А. ОГАНОВ: С этого я начинал мою исследовательскую деятельность, с изучения вещества Земли. Потом занялся более общей проблемой, изучения любого вещества под давлением. 

М. БАЧЕНИНА: Это жутко интересно! Когда я готовилась, читала, смотрела, возник вопрос: мы достаём из недр Земли какие-то материалы, ископаемые, что угодно, там они под одним давлением в недрах, а у нас – под другим. Мы этим как-то пользуемся, или это нам вредит? И как мы это знание применяем? 

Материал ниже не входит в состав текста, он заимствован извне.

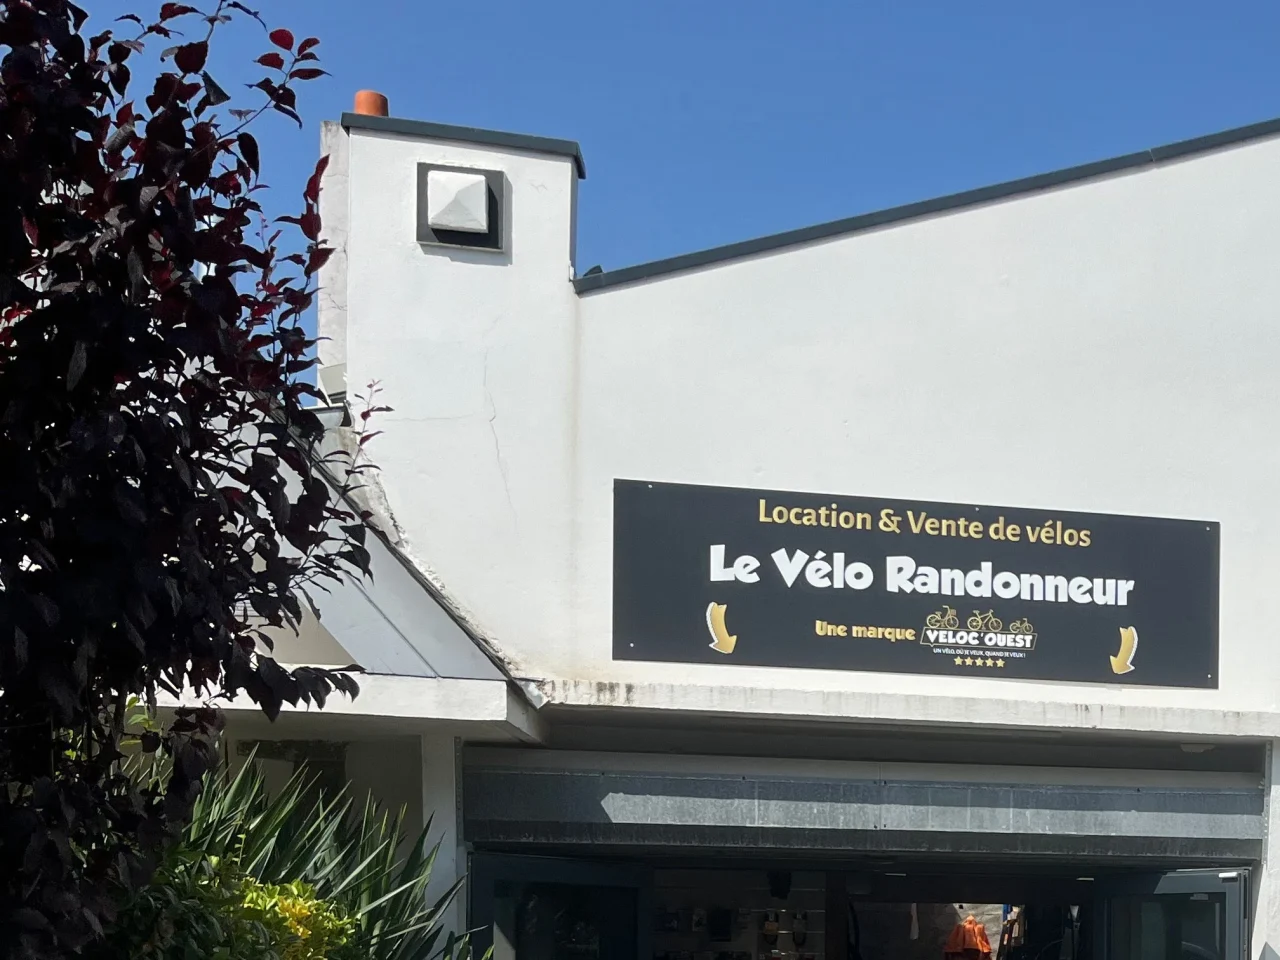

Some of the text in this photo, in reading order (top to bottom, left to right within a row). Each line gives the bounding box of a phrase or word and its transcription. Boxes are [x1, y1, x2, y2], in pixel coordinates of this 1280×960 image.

[758, 499, 1092, 547] Location & Vente de vélos
[709, 544, 1135, 606] Le Vélo Randonneur
[815, 619, 916, 644] Une marque

А. ОГАНОВ: В отношении полезных ископаемых это не оказывает влияния. Но знания, понимание того, из чего состоит наша планета, из каких материалов, очень важно. Лик нашей планеты, процессы, которые в ней происходят, диктуются процентов на 90. Атмосферные физики, может быть, со мной поспорят, но поскольку их нет, на 90% это диктуется тем, что происходит внутри Земли. Мантия Земли твёрдая, находится при достаточно высокой температуре и испытывает определённые стрессовые нагрузки связанные с тем, что какие-то её фрагменты более нагретые, а какие-то менее. Те, что более, имеют меньшую плотность за счёт теплового расширения и очень медленно поднимаются вверх. Мантия Земли, хотя вещество твёрдое, находится в состоянии пластического течения со скоростью примерно 1 сантиметр в год. Вы скажете – пустяки, но умножьте это на 100 миллионов лет. Вы обнаружите, что вещество мантия Земли проделывает путь в тысячи, если не в десятки тысяч километров за геологические периоды. Это определяет тектонику плит, дрейф континентов. Когда-то Южная Америка и Африка были одним континентом, а сейчас на какое расстояние они разошлись! Именно из-за этих самых мантийных потоков вещества, из-за тектоники плит. Горообразование, Гималаи, Кавказ – все они образовались именно благодаря течению мантийного вещества. Вулканы, землетрясения. 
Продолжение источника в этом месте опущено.